# Chooseing Between Bus Companies



## GG-1 (Jun 24, 2014)

Aloha

I need to by tickets for someone else between LA and LV. BOLT, Greyhound, and Megabus all offer service. Greyhound is most known to me, Bolt is cheapest. All have schedules that work.

Any Recommendations?

Mahalo

Eric.


----------



## Green Maned Lion (Jun 24, 2014)

Cheapest price.


----------



## Bob Dylan (Jun 24, 2014)

Bolt is run by Greyhound, Mega Bus has the Double Deckers and Greyhound you know, so its a matter of price and the location of the " stations" in LA and Vegas! ( LAs Greyhound Station is pretty crummy! Of course the Ambus (Greyhound) runs from Union Station as you know if a Train ride is part of the trip!)


----------



## Swadian Hardcore (Jun 24, 2014)

Well, if you ride either Bolt or Greyhound you will ride a D4505, if you ride Megabus you will ride a TD925, and if you ride LuxBus America you will ride a H3-45. I would go for the BoltBus D4505 because it's the exact same as the Greyhound D4505 while cheaper.

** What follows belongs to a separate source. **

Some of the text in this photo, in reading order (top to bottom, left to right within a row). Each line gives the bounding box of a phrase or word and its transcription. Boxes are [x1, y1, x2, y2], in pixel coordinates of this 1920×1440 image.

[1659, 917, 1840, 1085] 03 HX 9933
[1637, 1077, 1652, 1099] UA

Yesterday I did ride a very disappointing Greyhound D4505, #86544, which had a poor suspension and loud Cummins ISX12 engine. Greyhound should not have ordered the D4505 until they got Detroit 13 in it, heck, they should have ordered D4500CL with restrooms, does NOT ride this rough. Maybe it was just the driver, he was a trainee. Dunno.


----------



## the_traveler (Jun 24, 2014)

Doesn't Megabus have their stop at or near LAUPT - or am I thinking in Chicago? :huh:


----------



## jebr (Jun 24, 2014)

the_traveler said:


> Doesn't Megabus have their stop at or near LAUPT - or am I thinking in Chicago? :huh:


LA is at Union Station (the bus bay.) In Chicago it's one block south of Union Station.


----------



## rickycourtney (Jun 24, 2014)

If BoltBus is the cheapest... I would take BoltBus.
I had a chance to ride BoltBus earlier this year (Seattle - Vancouver, BC) and I was very impressed with the service. The buses are new and the drivers are very professional.

BoltBus, Greyhound Express and Megabus really provide the same level of service (no-frills).
As someone mentioned earlier BoltBus is operated by Greyhound so it's the same equipment and drivers with a different coat of paint on the outside.

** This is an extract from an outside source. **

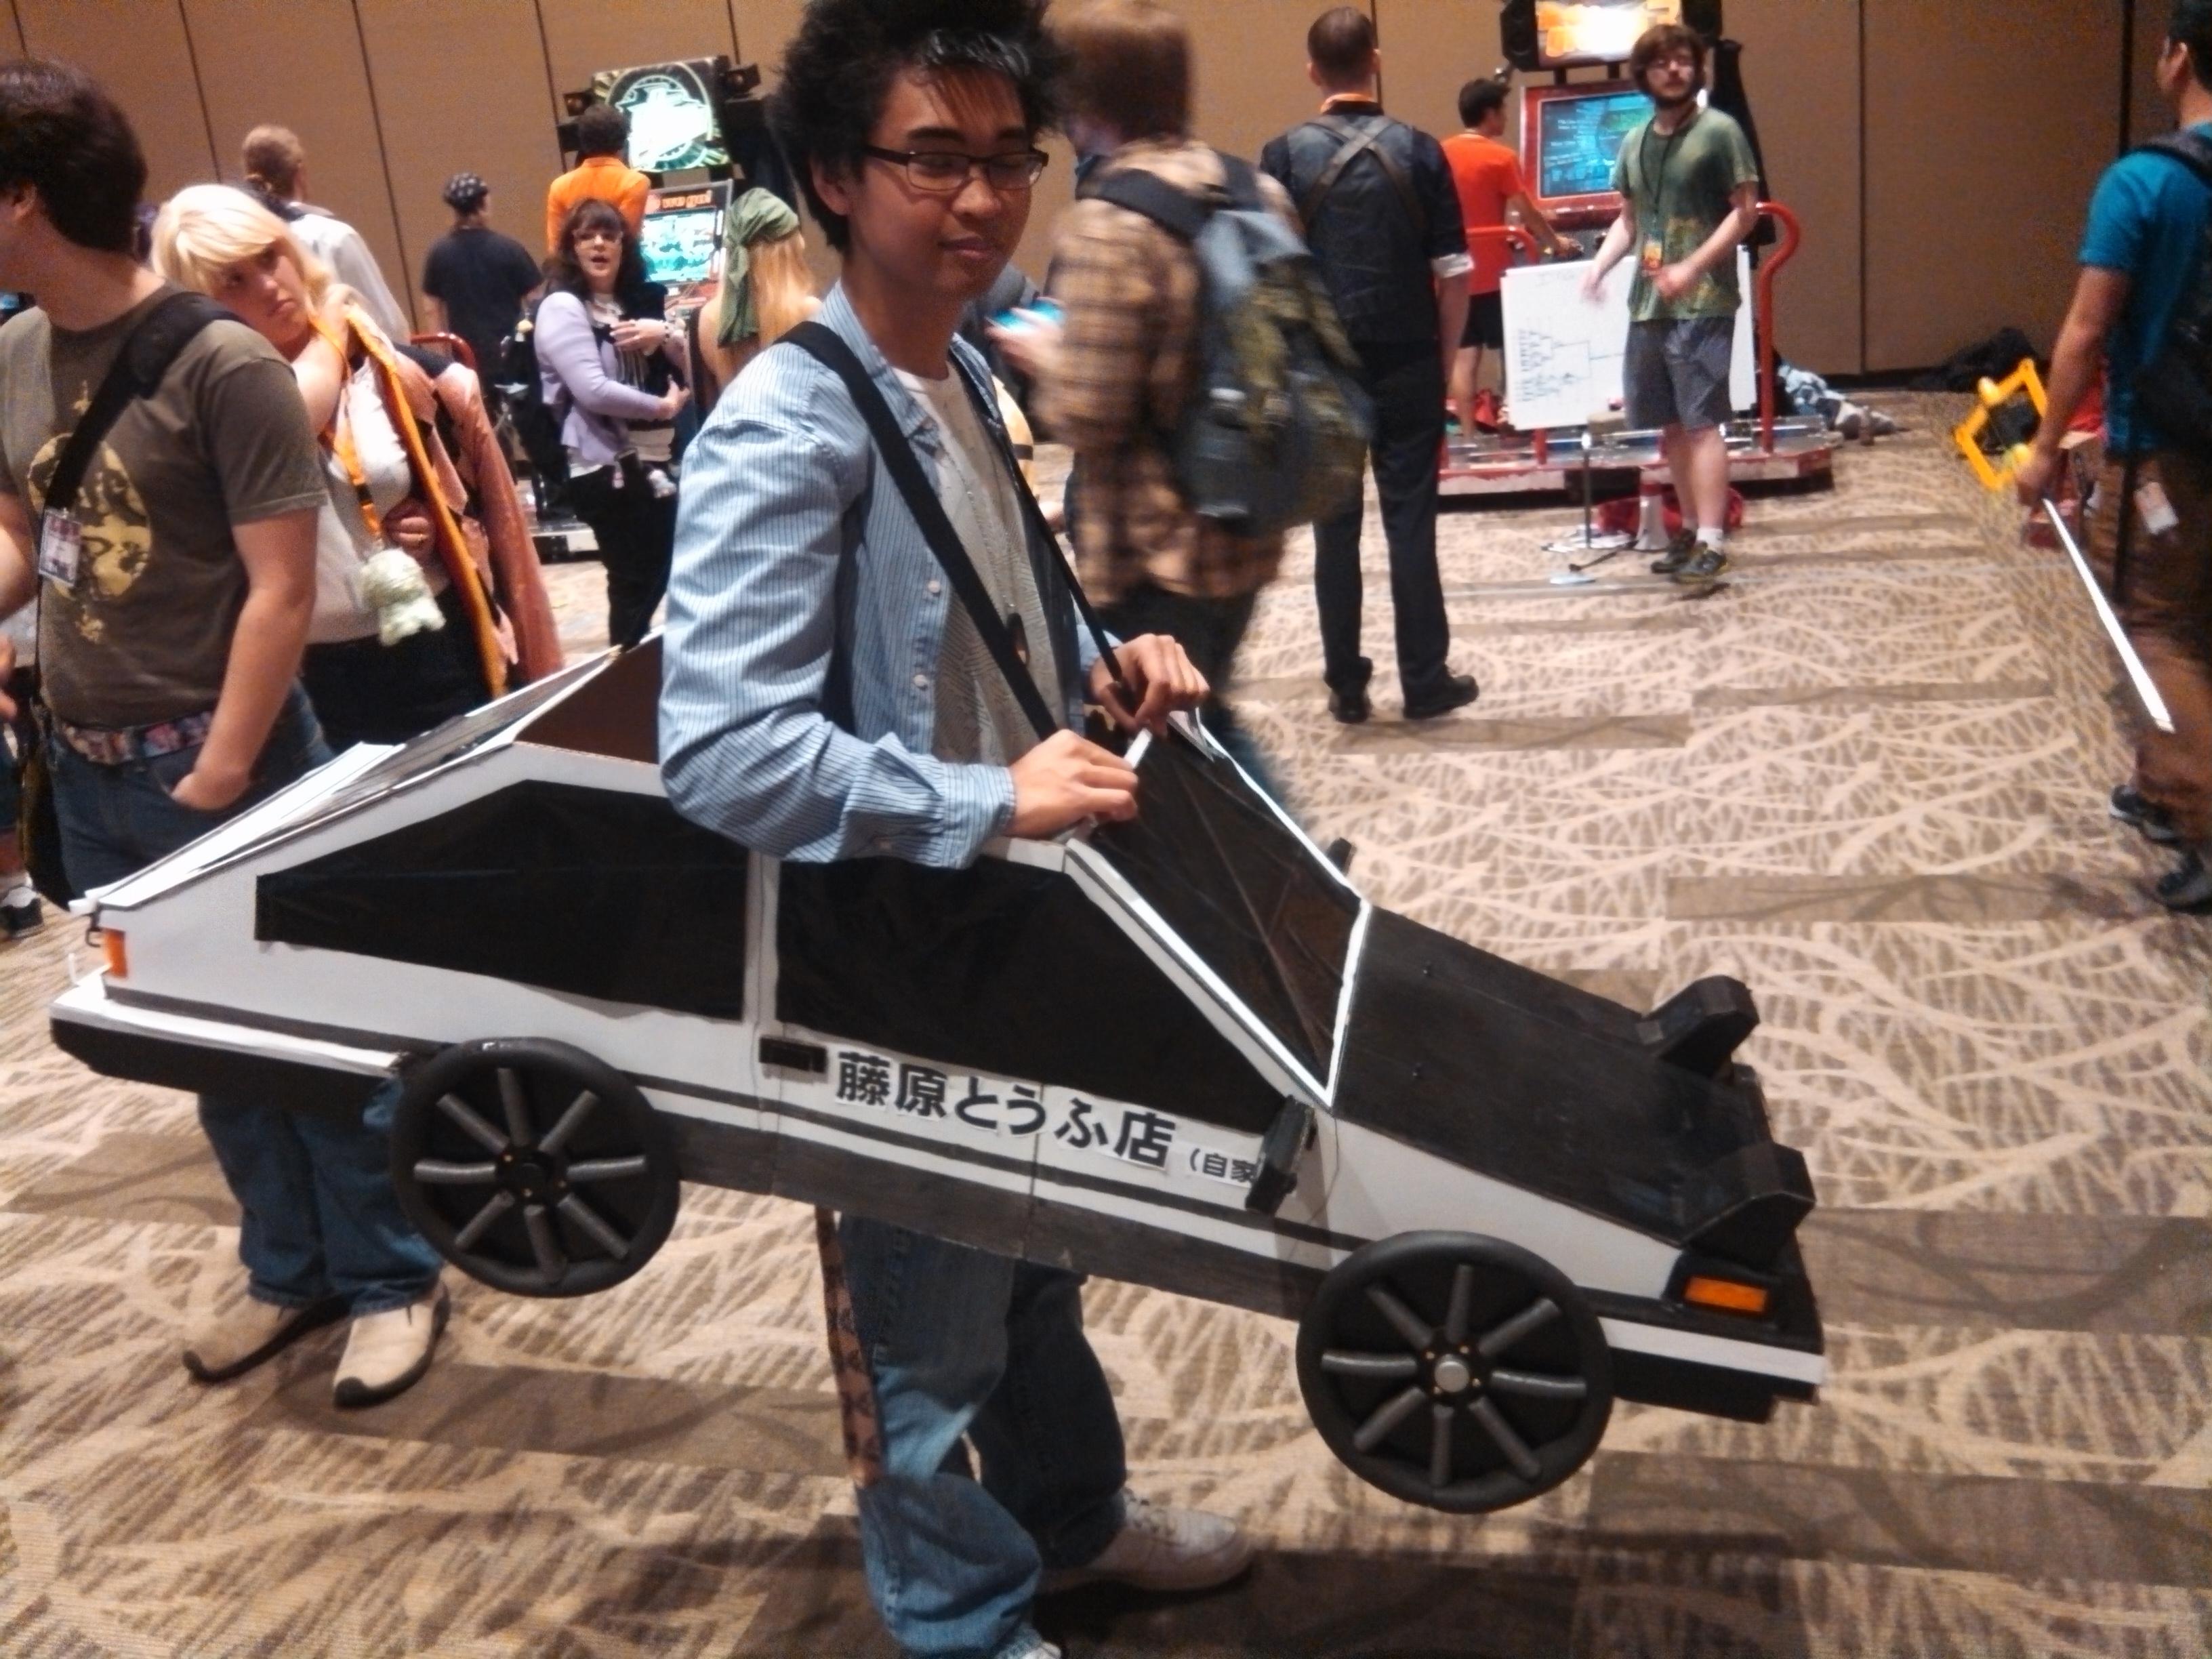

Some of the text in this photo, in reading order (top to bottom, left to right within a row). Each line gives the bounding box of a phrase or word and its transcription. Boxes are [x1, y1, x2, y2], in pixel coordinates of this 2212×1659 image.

In LA, BoltBus and Megabus pickup at Union Station while Greyhound Express picks up at the LA Greyhound station.

In Las Vegas, only BoltBus has a stop near the Strip (by the new Ferris wheel). Greyhound Express drops you off at the Greyhound Station in the Plaza Hotel & Casino in Downtown Las Vegas (BoltBus also stops here) while Megabus stops at the RTC South Strip Transfer Terminal. It's pretty easy to catch a RTC SDX or Deuce bus from either stop and take that to your hotel.

The only outlier and all of this is Lux Bus. It's significantly more expensive but it offers more luxurious buses and complementary drinks and snacks on board. Personally I don't think it's worth the extra price although I might consider it if I was traveling with my fiancé.

I would *NOT* book the AmBus. It's simply a codeshare with Greyhound and Amtrak charges about $20 extra when you book it through them.


----------



## Swadian Hardcore (Jun 25, 2014)

I did hear from a guy named Christopher Parker that BoltBus is more comfortable and punctual than Megabus. He says the Megabus he rode was worn out, had low headroom, and very poor luggage capacity. Also, he says the driver went "dead on the line".

As for LuxBus, I think its overrated, they don't have extra legroom at all (54-seat H3-45, 48-seat H3-41), but they do have the Torino VIP seats. LuxBus needs more legroom than what they have right now because it's lower than Greyhound or BoltBus, about the same as Megabus (presumably), because Megabus also uses the industry standard legroom. My Greyhound D4505 ride, as loud and rough as it was, still had ample legroom.


----------



## guest (Jun 30, 2014)

Swadian Hardcore said:


> He says the Megabus he rode was worn out, had low headroom, and very poor luggage capacity.


That's been my experience on Megabus doubledeckers. Plus they rattle at highway speeds.


----------



## Swadian Hardcore (Jun 30, 2014)

I think double-deckers are great for urban transport but should not be used on the highways. Most double-deckers have been developed for urban routes, for example, Megabus units have low floors, large headsigns, and transit-style grab bars. My minimal experience with them felt like a transit ride.


----------